Contrast this with a typical currency which has no fixed supply and which year by year increasingly saturates the market ‘devaluing the current fiat in circulation. As we are all aware the longer you hold cash the less it is worth as its purchasing power declines as supply continues to expand. The last 10 years of ‘quantitative easing’ have substantially exacerbated this process -flooding markets with access to cheap credit.
Now to time – as you save cash – each and every year the buying power of that money diminishes and of course that loss of buying power compounds. A decline of 2% doesn’t seem like much but year by year and over a number of decades, it certainly does. It’s true that salaries do often track inflation, so wages generally rise. However, the value of each dollar saved nonetheless diminishes with each passing year. Actual real inflation rates are debatably much higher than 2%, and in some nations, double-digit inflation is the norm.
In order to earn that money, you invested ‘time’ – you
worked a job and saved a portion of your wages.

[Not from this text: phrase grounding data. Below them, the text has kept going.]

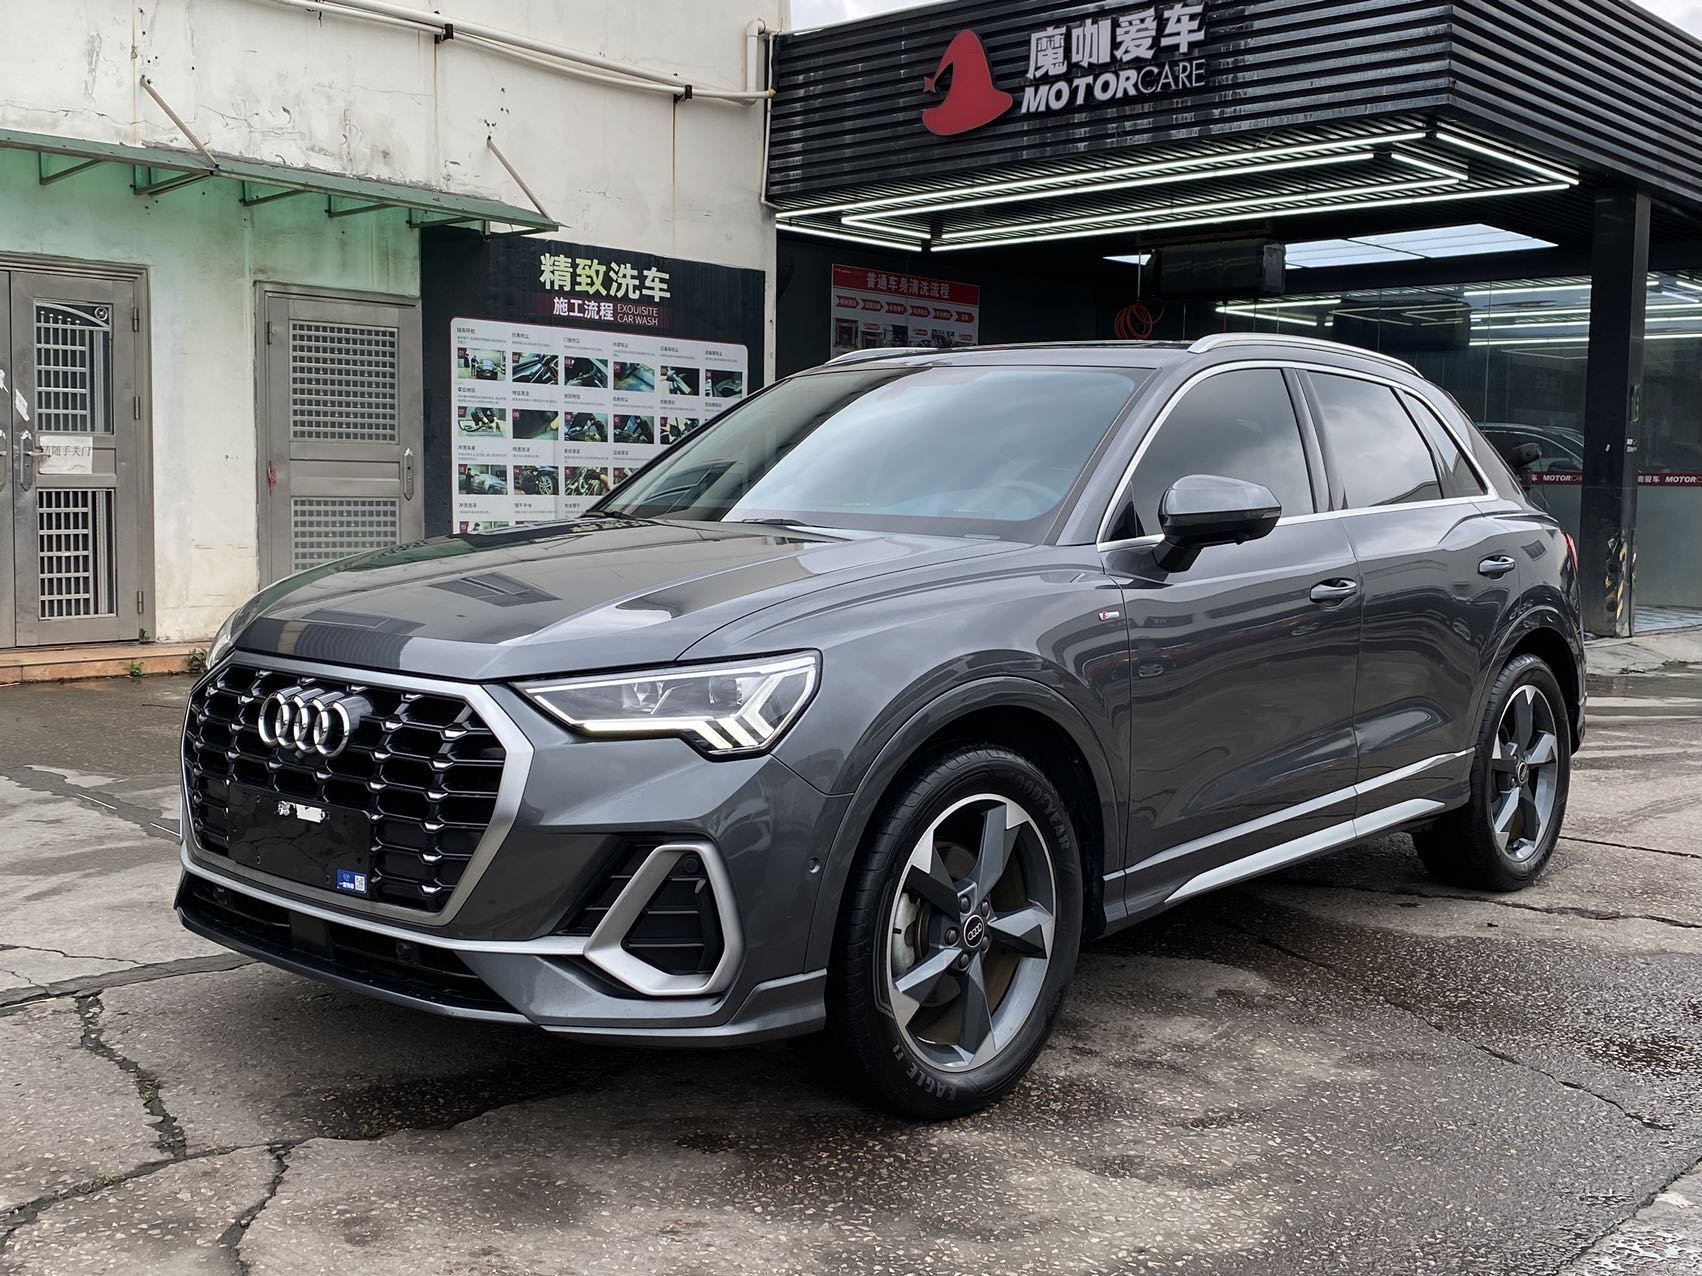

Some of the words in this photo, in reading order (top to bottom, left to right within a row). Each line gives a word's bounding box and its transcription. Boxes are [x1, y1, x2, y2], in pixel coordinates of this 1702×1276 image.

[1025, 3, 1206, 80] 魔咖爱车
[1021, 59, 1207, 114] MOTORCARE
[539, 253, 671, 302] 精致洗车
[866, 272, 951, 299] 普通车身清洗流程
[553, 296, 614, 321] 施工流程
[617, 313, 634, 324] CAR
[635, 316, 658, 326] WASH

Bitcoin, however, establishes a different time to value ratio. Bitcoin earned now – all other factors remaining the same – will be worth more in the future. A Satoshi saved now will buy more in the future not less and the longer you hold the more it will purchase relative to other assets. Fiat and BTC exhibit directly contrasting time return propositions -cash debases at a steady rate – demanding a continued investment of time to acquire ever more fiat to attempt to retain purchasing power or saving’s targets. Bitcoin through ever-increasing scarcity offers a compounding appreciating return on investment – the earlier you set it aside the more it will be worth in terms of purchasing power the less you need to work to attain more of it in the future.
This scarcity and increasing return relative to time held is a core principle of Bitcoin and not is subject to the whim of any government or corporation.
Of course, underlying this thesis is the assumption that
Bitcoin does become a successful store of value with a degree of broad market
penetration. This is by no means inevitable but nor is it a ‘longshot’. Should
BTC achieve an ongoing place in global finance year by year its purchasing power
relative to inflationary currencies and assets will inexorably increase.
Bitcoin is designed to appreciate through time – whereas
fiat through a system of targeted inflation debases creating an inverse reward
relationship between BTC and fiat which compounds through time.